Task item: When you copy the entries, match them exactly and omit the pictures.

Listed entries:
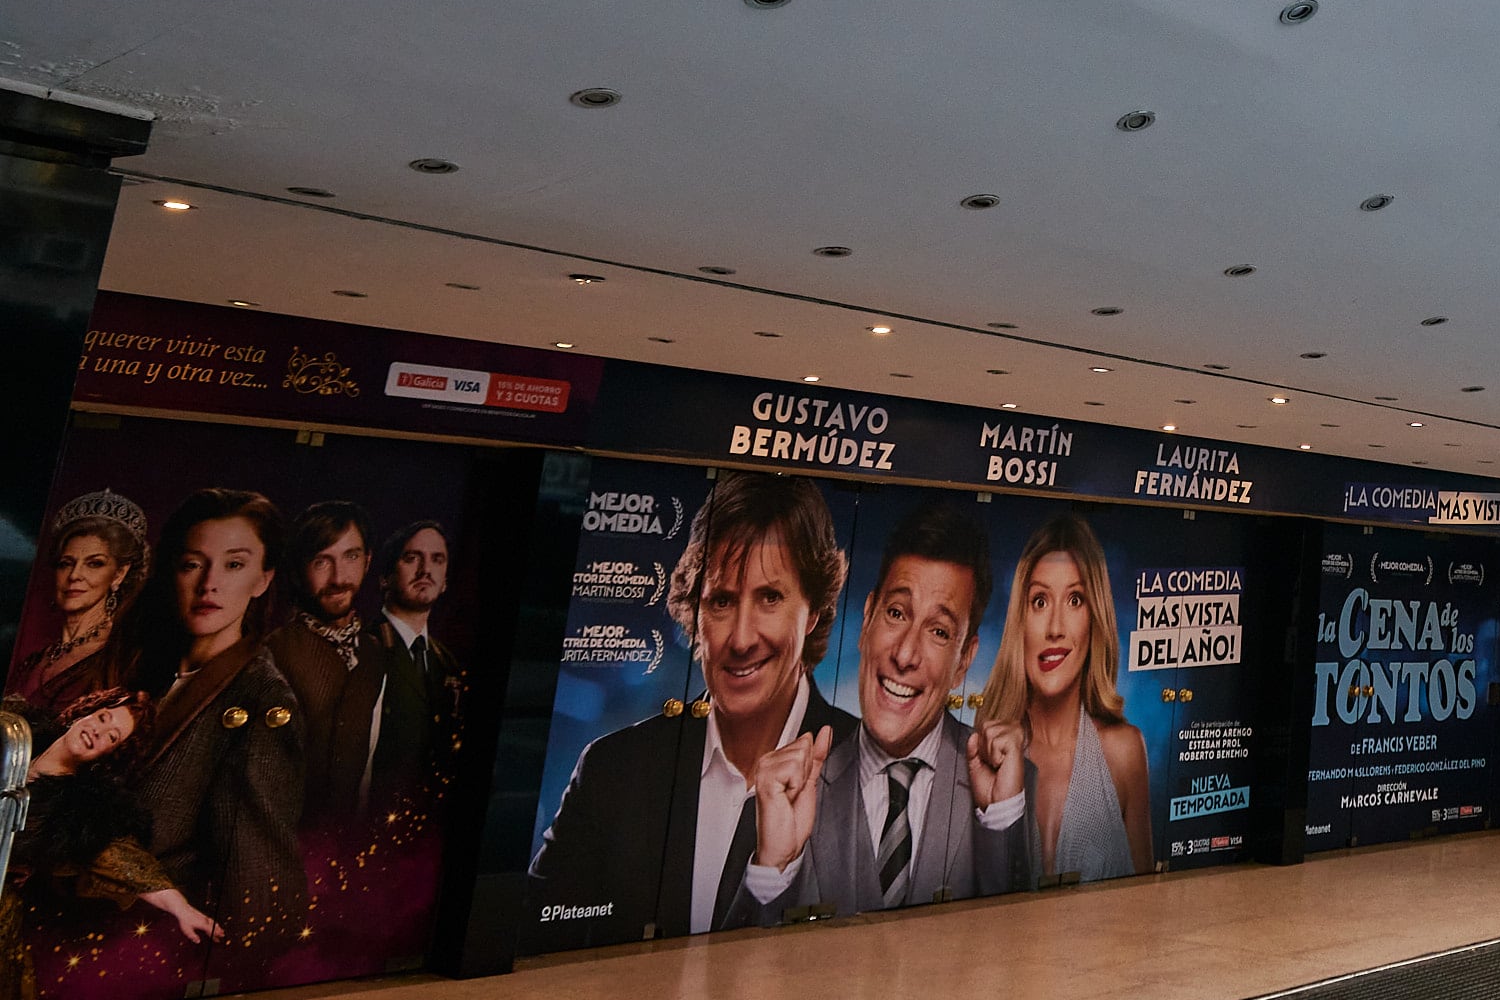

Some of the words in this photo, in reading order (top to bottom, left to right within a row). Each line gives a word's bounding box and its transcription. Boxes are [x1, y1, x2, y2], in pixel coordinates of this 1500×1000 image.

[84, 329, 162, 352] querer
[166, 335, 221, 359] vivir
[223, 344, 267, 364] esta
[94, 357, 139, 376] una
[144, 362, 164, 384] y
[166, 362, 212, 383] otra
[219, 369, 268, 389] vez...
[413, 377, 445, 389] Galicia
[454, 379, 480, 393] VISA
[514, 382, 526, 391] DE
[527, 383, 562, 395] AHORRO
[496, 391, 504, 400] Y
[505, 392, 513, 401] 3
[515, 392, 559, 407] CUOTAS
[752, 392, 889, 435] GUSTAVO
[729, 425, 896, 470] BERMÚDEZ
[979, 421, 1073, 456] MARTÍN
[1155, 443, 1240, 475] LAURITA
[986, 455, 1058, 487] BOSSI
[1134, 469, 1253, 504] FERNÁNDEZ
[588, 491, 654, 513] MEJOR
[1344, 485, 1369, 512] ¡LA
[1372, 486, 1437, 509] COMEDIA
[1438, 492, 1470, 521] MÁS
[582, 511, 663, 534] OMEDIA
[592, 561, 633, 574] MEJOR
[1380, 561, 1400, 570] MEJOR
[1400, 562, 1424, 573] COMEDIA
[573, 572, 599, 584] CTOR
[612, 574, 655, 586] COMEDIA
[1136, 572, 1164, 600] ¡LA
[1167, 570, 1242, 593] COMEDIA
[615, 586, 645, 598] BOSSI
[1139, 597, 1180, 629] MÁS
[1184, 602, 1235, 627] VISTA
[1317, 613, 1336, 643] la
[1338, 587, 1444, 659] CENA
[1441, 602, 1459, 627] de
[582, 625, 624, 637] MEJOR
[1451, 627, 1474, 653] los
[563, 637, 589, 648] CTRIZ
[604, 638, 647, 649] COMEDIA
[1138, 638, 1178, 667] DEL
[1181, 629, 1235, 664] AÑO!
[1312, 658, 1477, 726] TONTOS
[1179, 729, 1221, 740] GUILLERMO
[1222, 727, 1252, 738] ARENGO
[1188, 740, 1221, 751] ESTEBAN
[1222, 738, 1241, 748] PROL
[1179, 750, 1215, 761] ROBERTO
[1350, 743, 1361, 755] DE
[1362, 737, 1404, 754] FRANCIS
[1406, 735, 1438, 751] VEBER
[1308, 768, 1346, 782] FERNANDO
[1395, 762, 1425, 776] FEDERICO
[1426, 758, 1458, 772] GONZÁLEZ
[1459, 759, 1471, 769] DEL
[1471, 758, 1486, 768] PINO
[1191, 774, 1231, 795] NUEVA
[1377, 780, 1407, 792] DIRECCIÓN
[1173, 792, 1246, 817] TEMPORADA
[1341, 793, 1382, 809] MARCOS
[1384, 787, 1439, 804] CARNEVALE
[551, 901, 614, 920] Plateanet
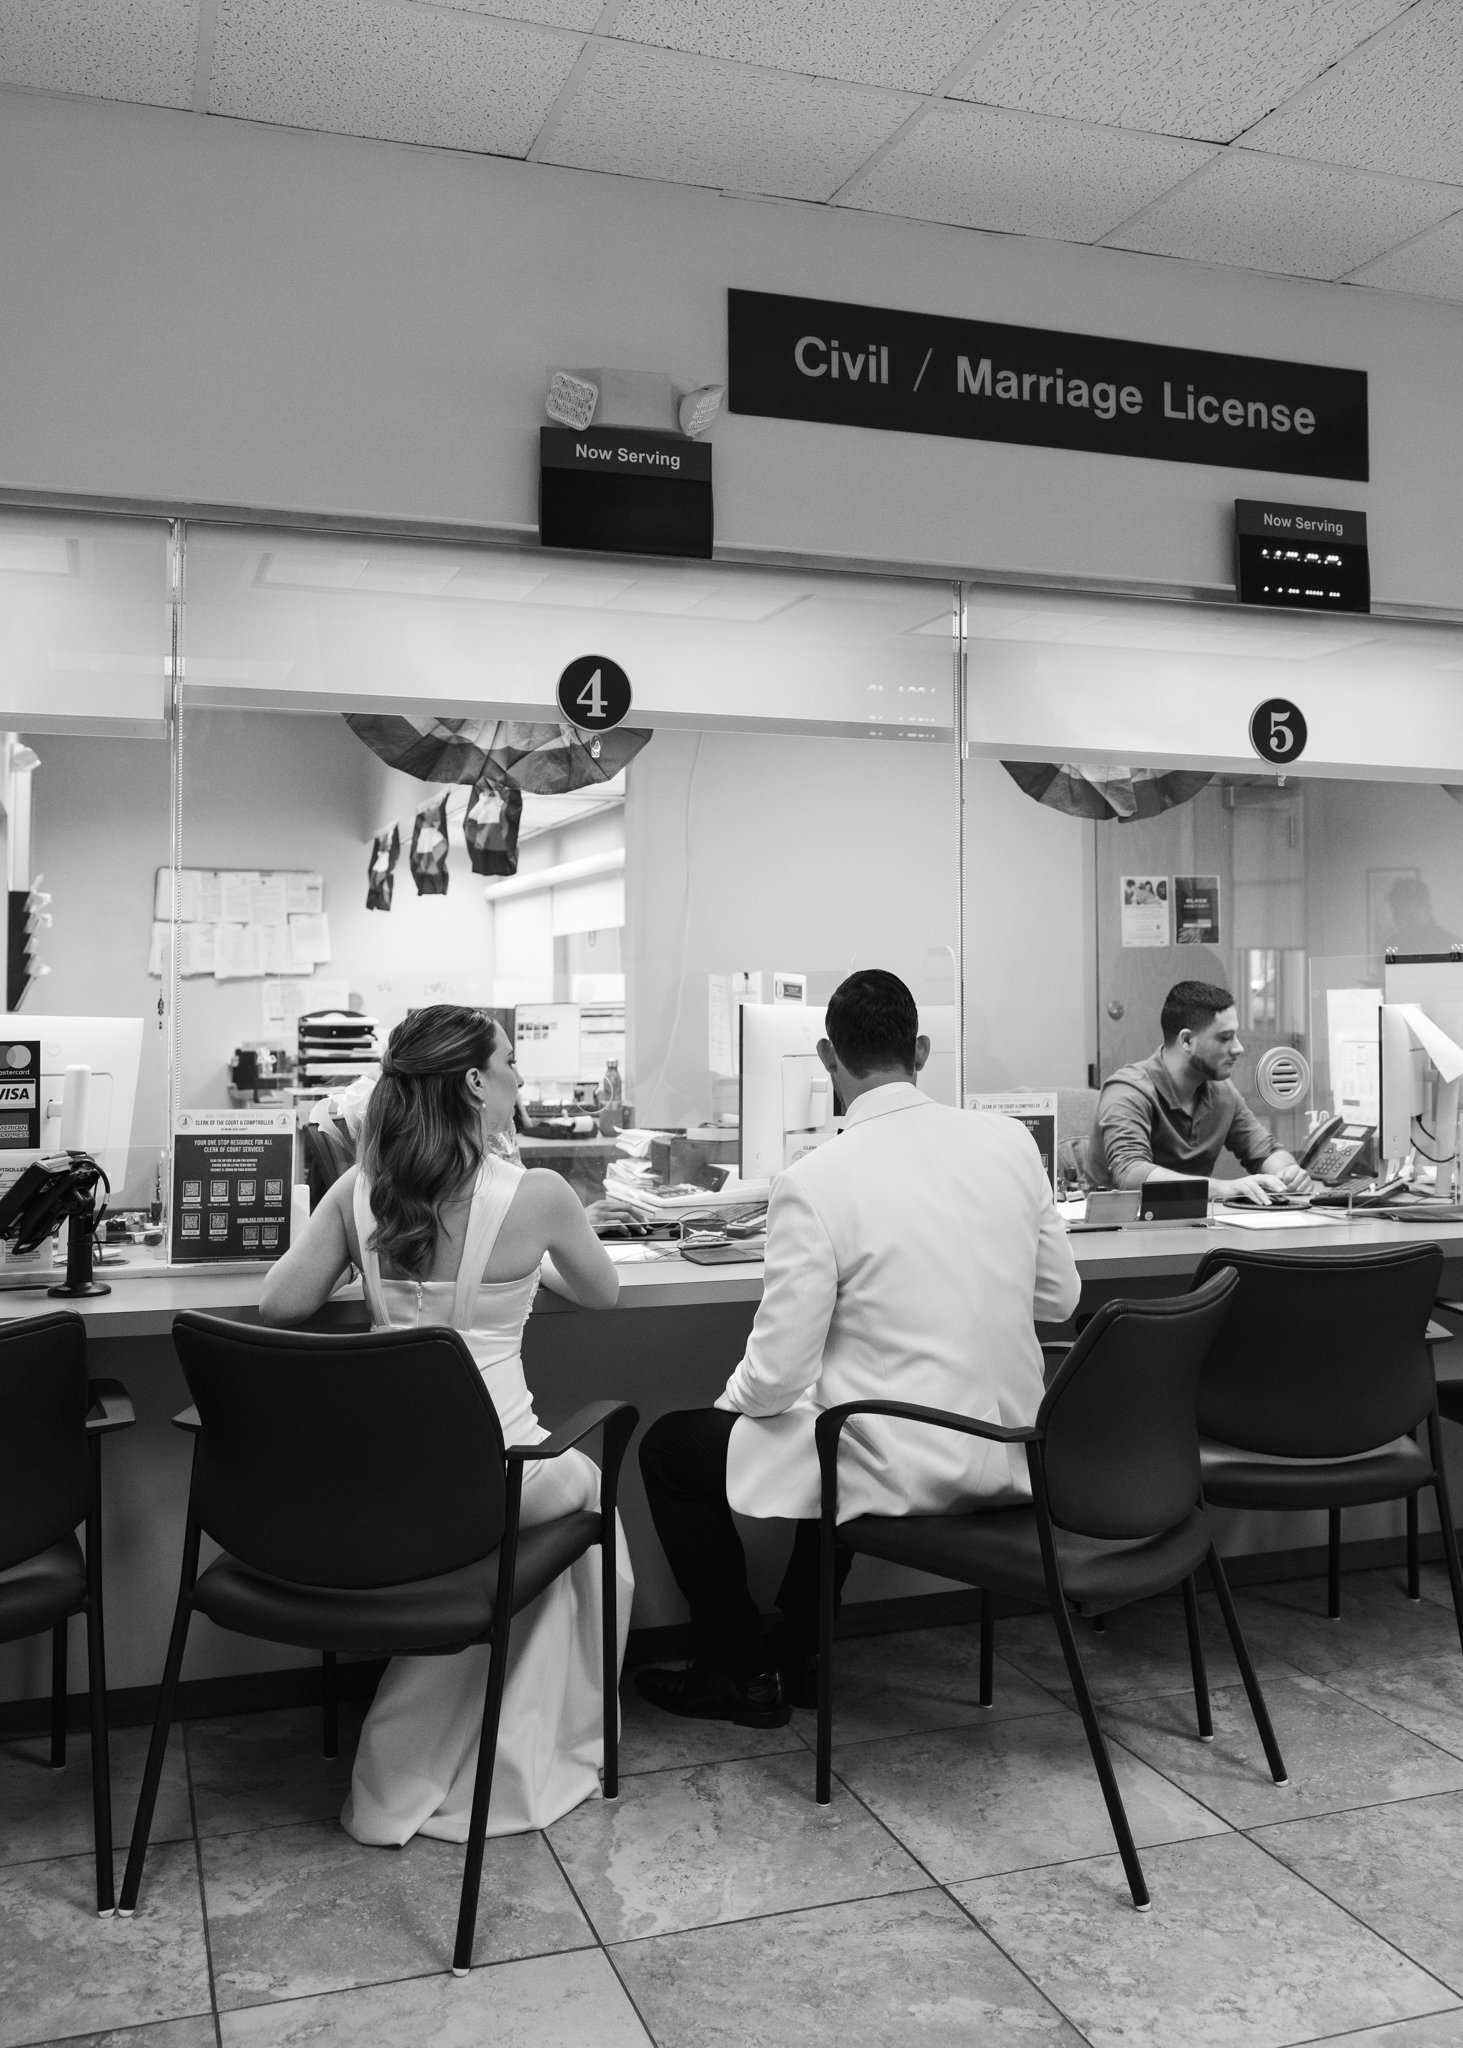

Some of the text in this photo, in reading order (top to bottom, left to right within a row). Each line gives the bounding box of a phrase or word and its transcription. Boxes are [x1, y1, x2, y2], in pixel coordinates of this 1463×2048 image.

[794, 335, 1317, 435] Civil / Marriage License
[575, 443, 681, 470] Now Serving
[1263, 512, 1344, 537] Now Serving
[576, 668, 609, 718] 4
[1269, 711, 1294, 753] 5
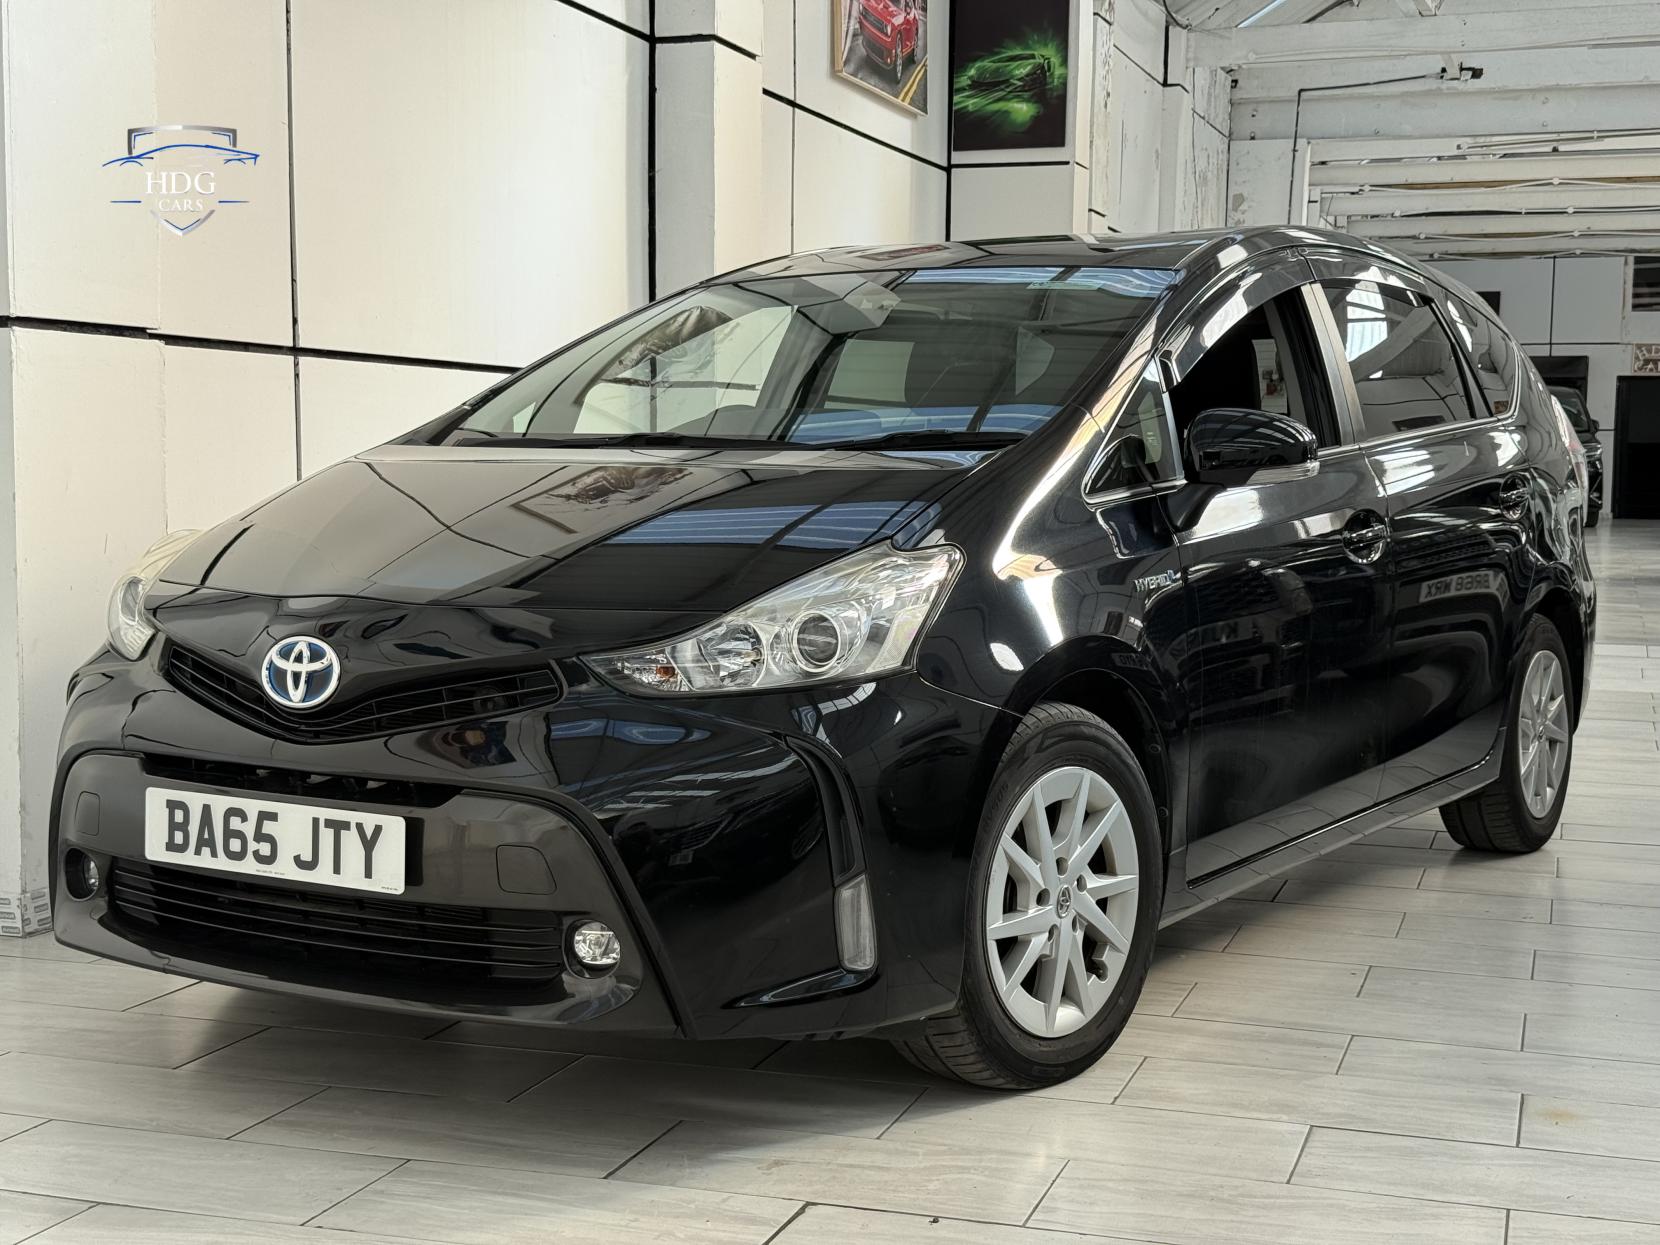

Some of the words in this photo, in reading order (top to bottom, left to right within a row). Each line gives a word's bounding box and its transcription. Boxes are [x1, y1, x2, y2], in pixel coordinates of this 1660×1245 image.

[1133, 573, 1172, 592] HYBRID
[165, 799, 279, 866] BA65
[293, 816, 383, 880] JTY
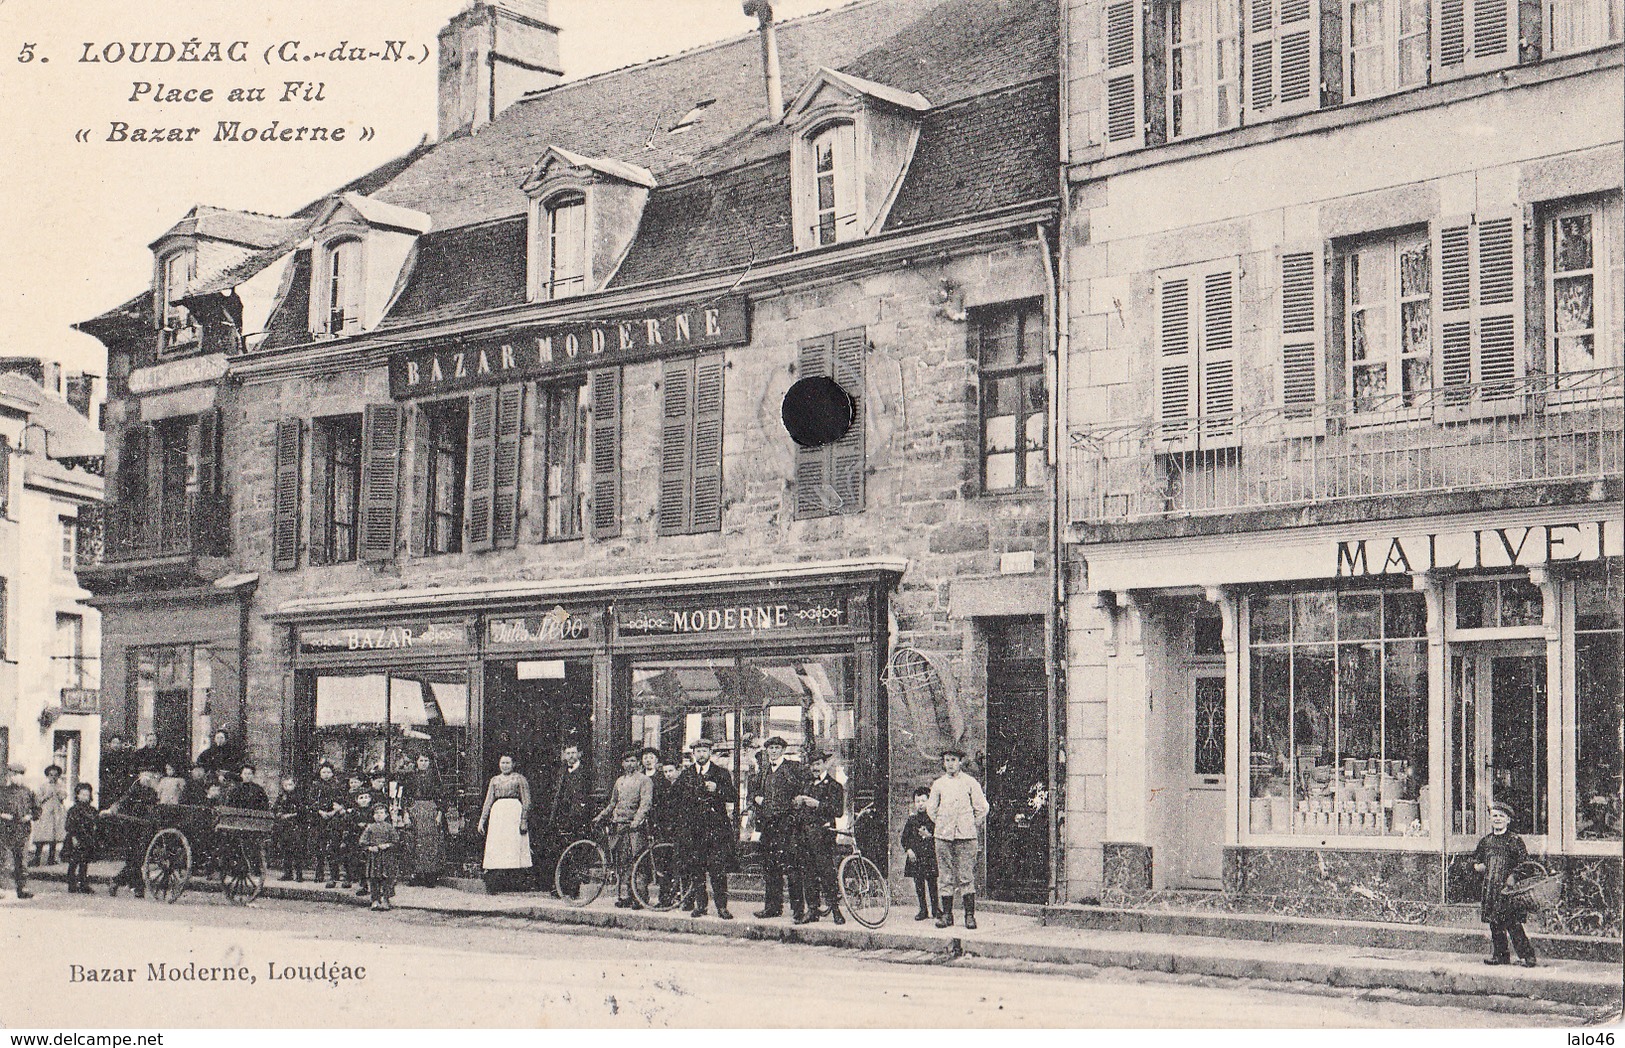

Task output:
Some of the words in this photo, in reading order (top to bottom, left to right within a row). Each line gives a word's bounding box and its transcription. Boxes are [x1, y1, x2, y2], in pixel coordinates of this 1500×1000 image.

[84, 329, 162, 352] querer
[166, 335, 221, 359] vivir
[223, 344, 267, 364] esta
[94, 357, 139, 376] una
[144, 362, 164, 384] y
[166, 362, 212, 383] otra
[219, 369, 268, 389] vez...
[413, 377, 445, 389] Galicia
[454, 379, 480, 393] VISA
[514, 382, 526, 391] DE
[527, 383, 562, 395] AHORRO
[496, 391, 504, 400] Y
[505, 392, 513, 401] 3
[515, 392, 559, 407] CUOTAS
[752, 392, 889, 435] GUSTAVO
[729, 425, 896, 470] BERMÚDEZ
[979, 421, 1073, 456] MARTÍN
[1155, 443, 1240, 475] LAURITA
[986, 455, 1058, 487] BOSSI
[1134, 469, 1253, 504] FERNÁNDEZ
[588, 491, 654, 513] MEJOR
[1344, 485, 1369, 512] ¡LA
[1372, 486, 1437, 509] COMEDIA
[1438, 492, 1470, 521] MÁS
[582, 511, 663, 534] OMEDIA
[592, 561, 633, 574] MEJOR
[1380, 561, 1400, 570] MEJOR
[1400, 562, 1424, 573] COMEDIA
[573, 572, 599, 584] CTOR
[612, 574, 655, 586] COMEDIA
[1136, 572, 1164, 600] ¡LA
[1167, 570, 1242, 593] COMEDIA
[615, 586, 645, 598] BOSSI
[1139, 597, 1180, 629] MÁS
[1184, 602, 1235, 627] VISTA
[1317, 613, 1336, 643] la
[1338, 587, 1444, 659] CENA
[1441, 602, 1459, 627] de
[582, 625, 624, 637] MEJOR
[1451, 627, 1474, 653] los
[563, 637, 589, 648] CTRIZ
[604, 638, 647, 649] COMEDIA
[1138, 638, 1178, 667] DEL
[1181, 629, 1235, 664] AÑO!
[1312, 658, 1477, 726] TONTOS
[1179, 729, 1221, 740] GUILLERMO
[1222, 727, 1252, 738] ARENGO
[1188, 740, 1221, 751] ESTEBAN
[1222, 738, 1241, 748] PROL
[1179, 750, 1215, 761] ROBERTO
[1350, 743, 1361, 755] DE
[1362, 737, 1404, 754] FRANCIS
[1406, 735, 1438, 751] VEBER
[1308, 768, 1346, 782] FERNANDO
[1395, 762, 1425, 776] FEDERICO
[1426, 758, 1458, 772] GONZÁLEZ
[1459, 759, 1471, 769] DEL
[1471, 758, 1486, 768] PINO
[1191, 774, 1231, 795] NUEVA
[1377, 780, 1407, 792] DIRECCIÓN
[1173, 792, 1246, 817] TEMPORADA
[1341, 793, 1382, 809] MARCOS
[1384, 787, 1439, 804] CARNEVALE
[551, 901, 614, 920] Plateanet

Some of the text in this photo, in reading order (top to bottom, left to right within a row). Each line gives the bounding box of a phrase or word and its transcription. Boxes are [x1, y1, x2, y2], in pixel coordinates of this 1463×2048 image.

[794, 335, 1317, 435] Civil / Marriage License
[575, 443, 681, 470] Now Serving
[1263, 512, 1344, 537] Now Serving
[576, 668, 609, 718] 4
[1269, 711, 1294, 753] 5

Some of the words in this photo, in reading order (top to bottom, left to right within a row). Each line gives a word's bounding box and its transcription. Boxes are [x1, y1, x2, y2], in pixel coordinates of this 1660×1245 image.

[1133, 573, 1172, 592] HYBRID
[165, 799, 279, 866] BA65
[293, 816, 383, 880] JTY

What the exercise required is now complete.